The family’s collection of rare books, first editions and manuscripts burned with the store. They included two priceless books of Arabic calligraphy.

Most Iraqis don’t have the means to leave. The Al Hayawis do. The brothers sold their family house in Baghdad for Dh1,212,600. But instead of living off the proceeds or investing outside Iraq, the Al Hayawis used the money to rebuild their two stores, repay debts and buy more books.

“It is our livelihood. It is our heritage. It is our history,” Nabeel’s younger brother Bediyah Al Hayawi, 52, said matter-of-factly. “This is our country. How could we not be committed to it?”

Five months after the bombing, Nabeel returned to Baghdad. He locked Yahye’s room, with the computer, the shelf of engineering books and the childhood portraits.

Nabeel remained on Mutanabi Street, overseeing reconstruction of the shops even as he struggled to rebuild himself.

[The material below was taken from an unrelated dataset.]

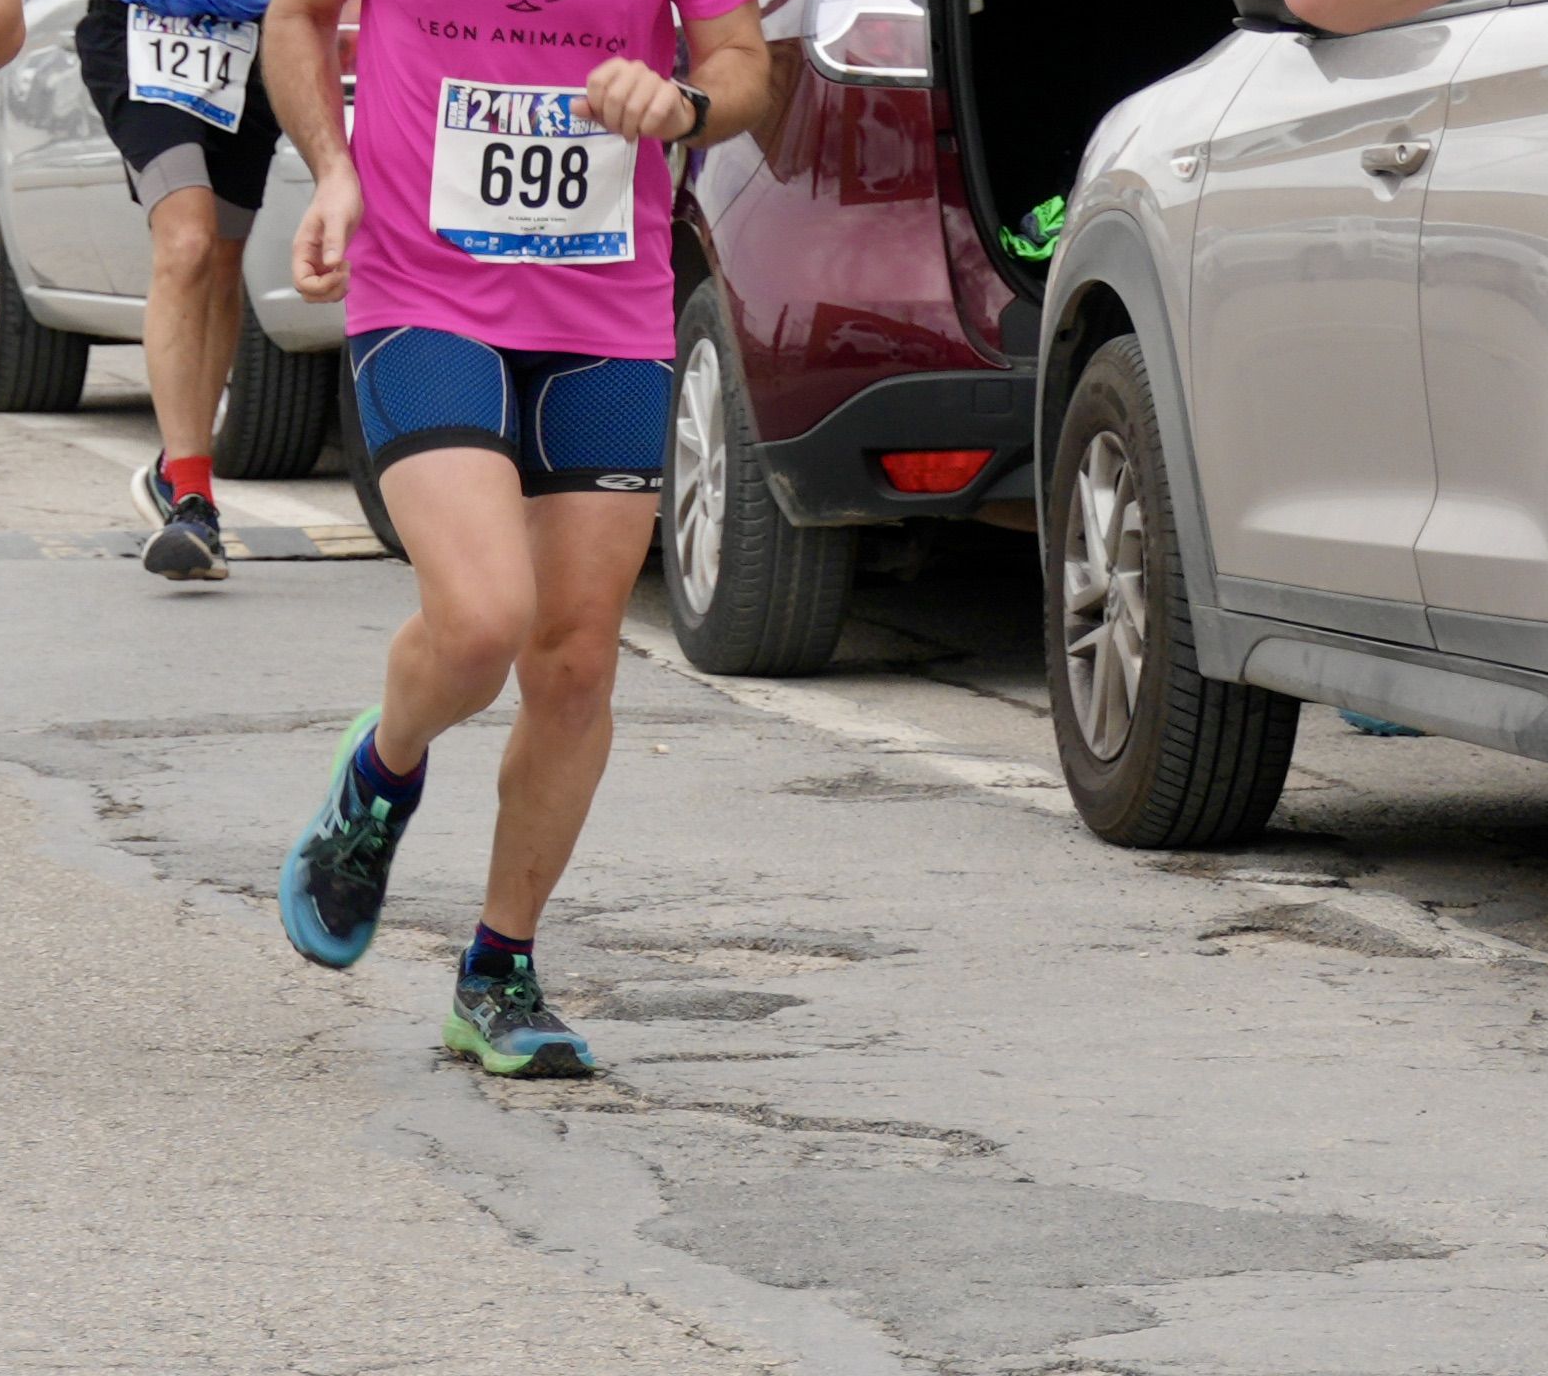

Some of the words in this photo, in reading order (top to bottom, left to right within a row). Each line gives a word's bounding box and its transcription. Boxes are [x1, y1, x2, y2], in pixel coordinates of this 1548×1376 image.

Inside the Renaissance today, photos of Mohammad, Yahye and Abdul Rahman, the patriarch, hang on a wall. Underneath them a sign reads, “The Martyrs of the Al Hayawi Family”.

Many writers, artists and professors have left Iraq. Since the attack, business has halved. But Nabeel remains hopeful.

Recently, a top Cairo surgeon told Nabeel that a nerve could be transplanted from his leg to try to heal his left arm but that he might not walk again. An influential cleric in Beirut offered to help him gain asylum in Europe.